Denton Church, Broken Glass & One Brass Key

I called at St Helen’s Church at Denton last week. It was one of those lovely autumnal mornings - a bright blue sky, but cold. A peculiar old girl; like the neighbouring Denton Hall, the church is clearly an eighteenth-century construction yet it is built in the gothic style, which looked back three hundred years, but was to make a powerful come back in the following century. The builder was either stuck in the past or ahead of his time, I cannot tell which.

Few churches in these parts are kept unlocked, so I was delighted to find the front door open, yet even more disappointed to find the next, inner door, firmly fastened. I was permitted entry to the porch, but no further. I took my photographs and then my leave.
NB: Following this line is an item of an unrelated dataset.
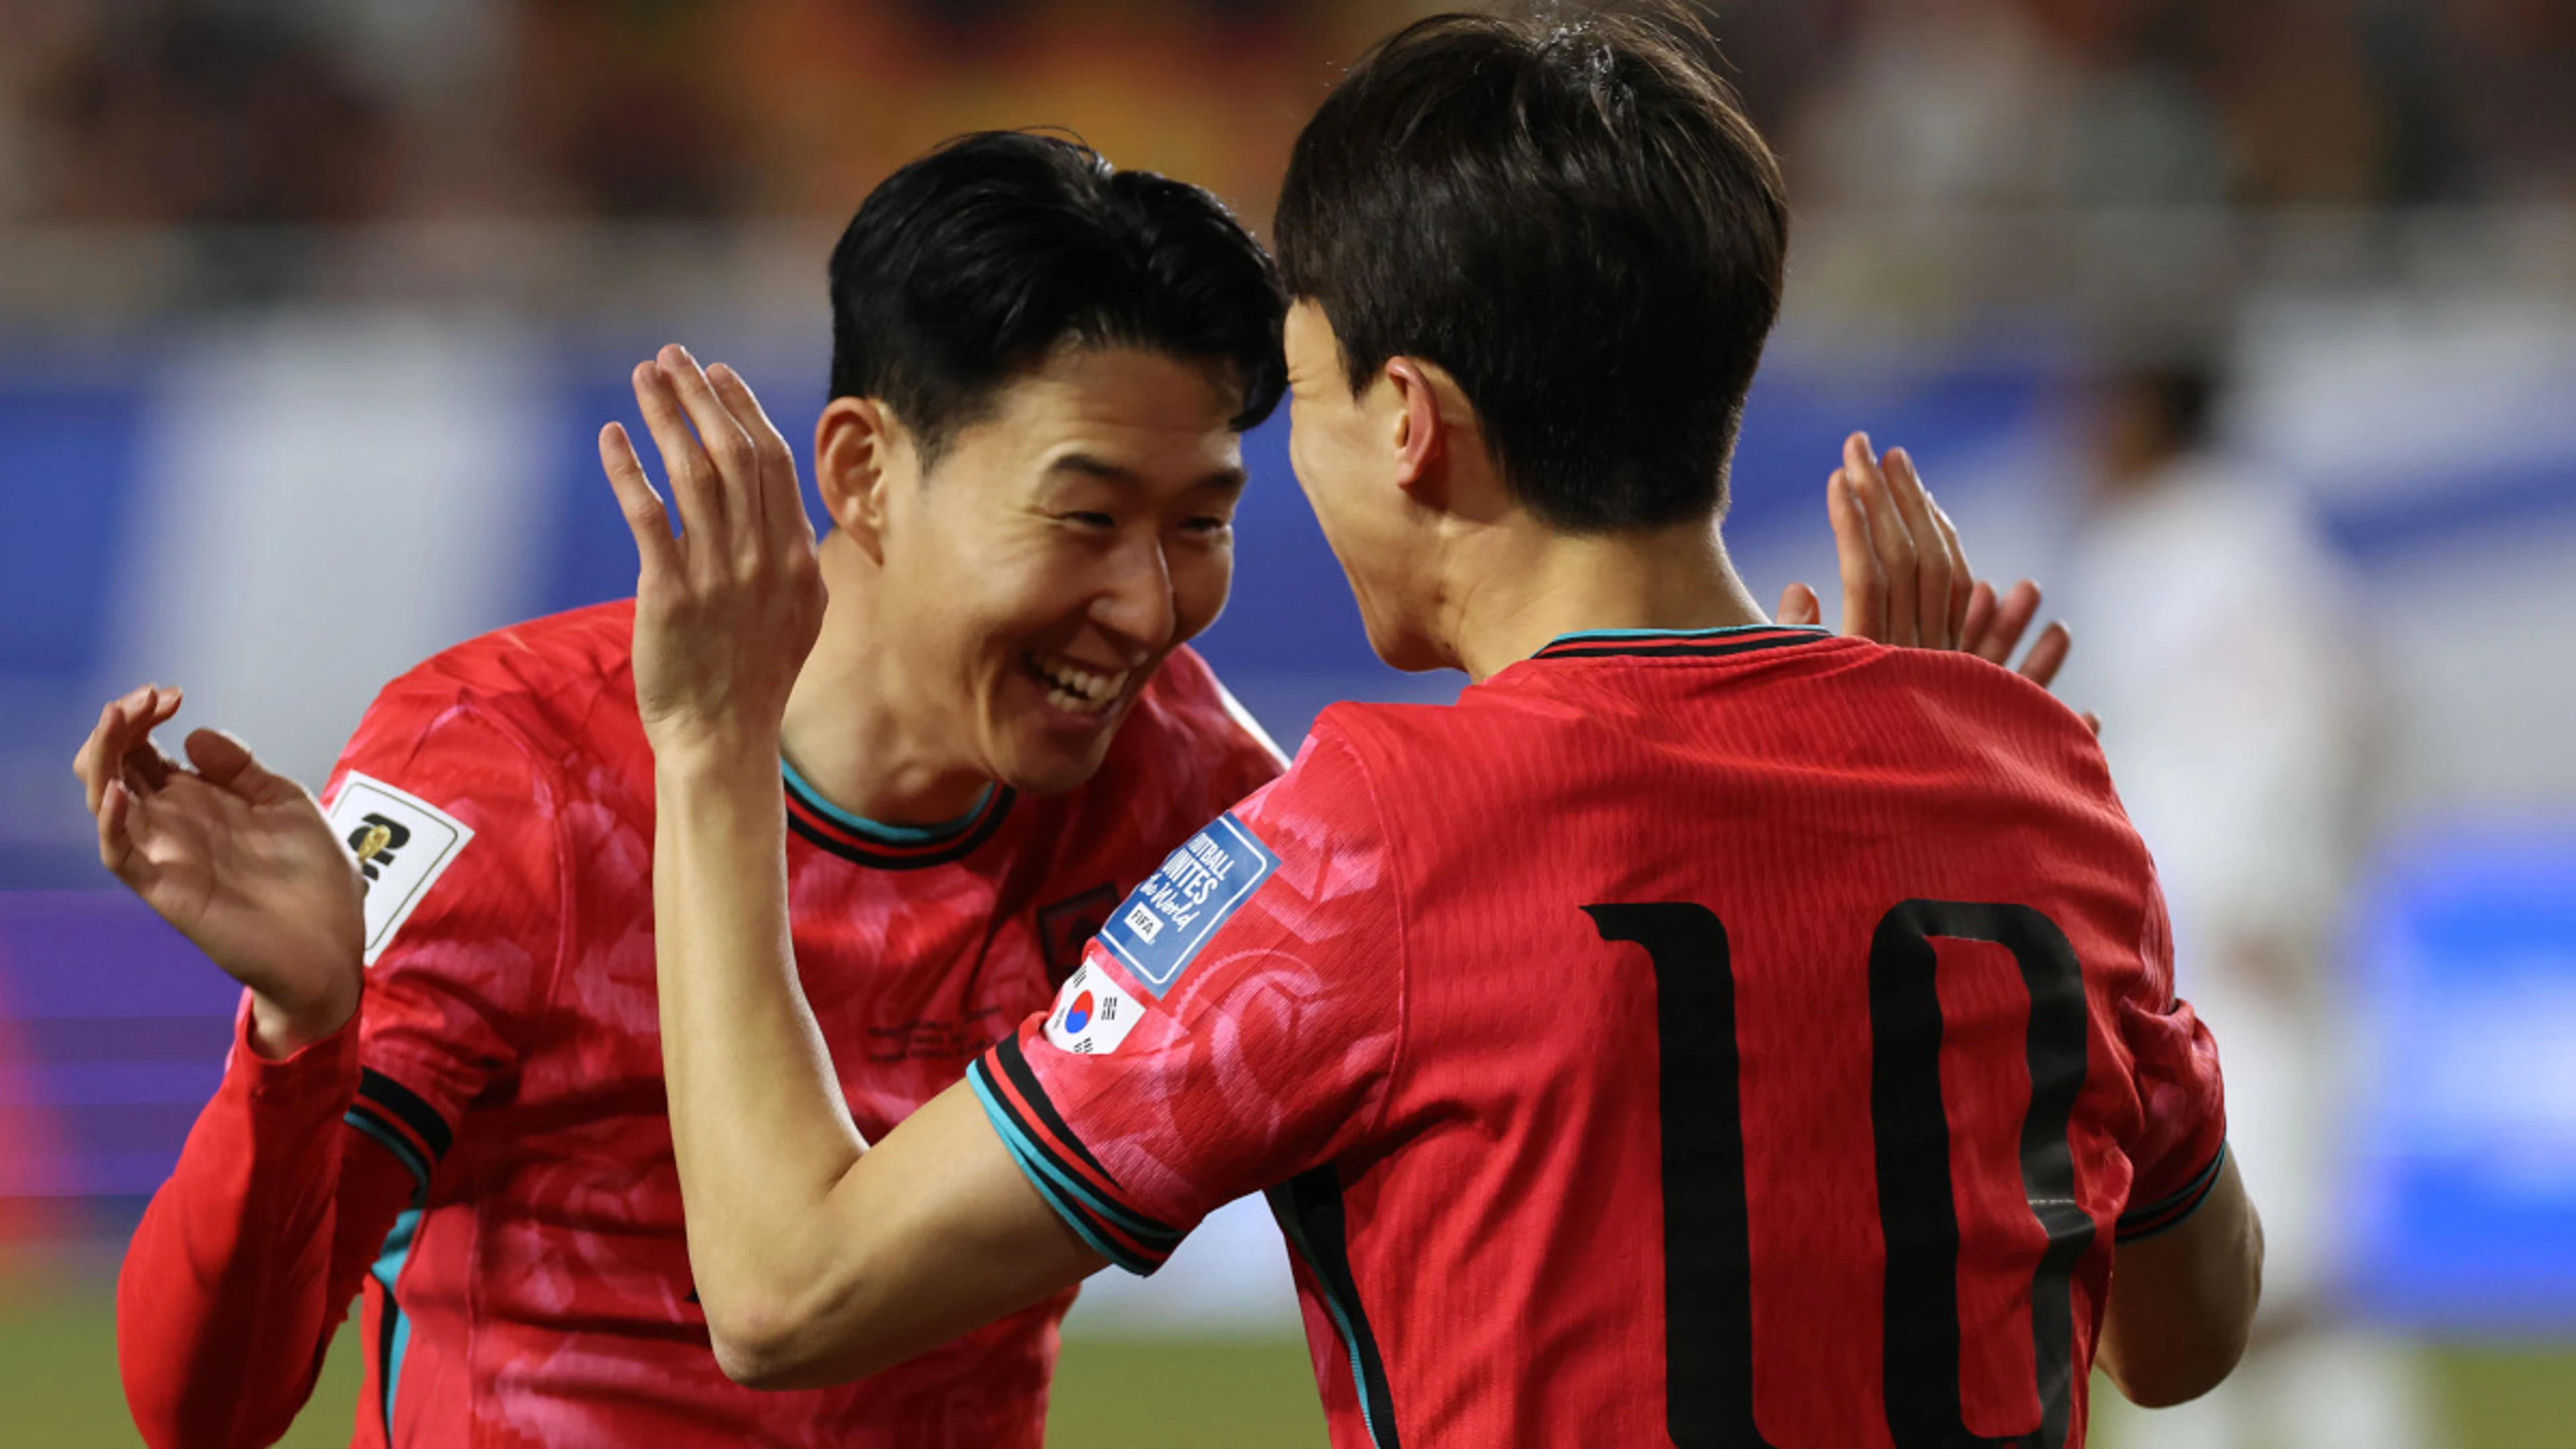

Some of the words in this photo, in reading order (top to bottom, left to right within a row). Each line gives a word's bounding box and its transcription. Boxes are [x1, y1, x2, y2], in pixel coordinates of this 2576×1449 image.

[1130, 910, 1154, 934] FIFA
[1150, 882, 1199, 932] World
[1578, 898, 2096, 1449] 10
Later, I called at my old favourite, the Bramhope Puritan Chapel, farther along the valley. To enter this plain and unassuming preaching house, one has to apply at the neighbouring hotel, the staff of which cheerfully loan a large brass key after preliminary ID checks have been recorded. Pushing it into the hole in the thick, heavy door, it opened with surprising ease. Once inside however, I saw evidence of an attempted break-in. A window pane had been smashed, leaving shards of glass on the books of the communion table. Presumably, someone had sought to reach for the window's handle by breaking the glass, but failed. I recorded my name in the visitors’ book, and left a written observation regarding the window, before emailing the parish clerk to report the damage, as well as informing the hotel.

It seemed ironic; one church I was not permitted to enter; to another church, I was bade entry for having requested the key, while person or persons unknown had attempted force their way in, but failed. Perhaps, like me, they were very fond of early modern church architecture, and their love for puritanism encouraged desperation. Or, more likely, they hoped to find a well-stuffed collection plate.

Although churches can often be cliquey and closed, coldly shunning newcomers and guarding their petty, existing privileges, the lesson here is one of salvation. Entry to heaven is not by burglary or breaking in, nor by climbing the wall or slipping through a gap, but by Jesus Christ, the door, the gate, the way. They, who turn up unannounced, will leave disappointed; they, who anticipate pushing themselves through the gate, will find it a harder task than they imagined. Only Jesus Christ, the Key of David, can usher fallen man back into Eden.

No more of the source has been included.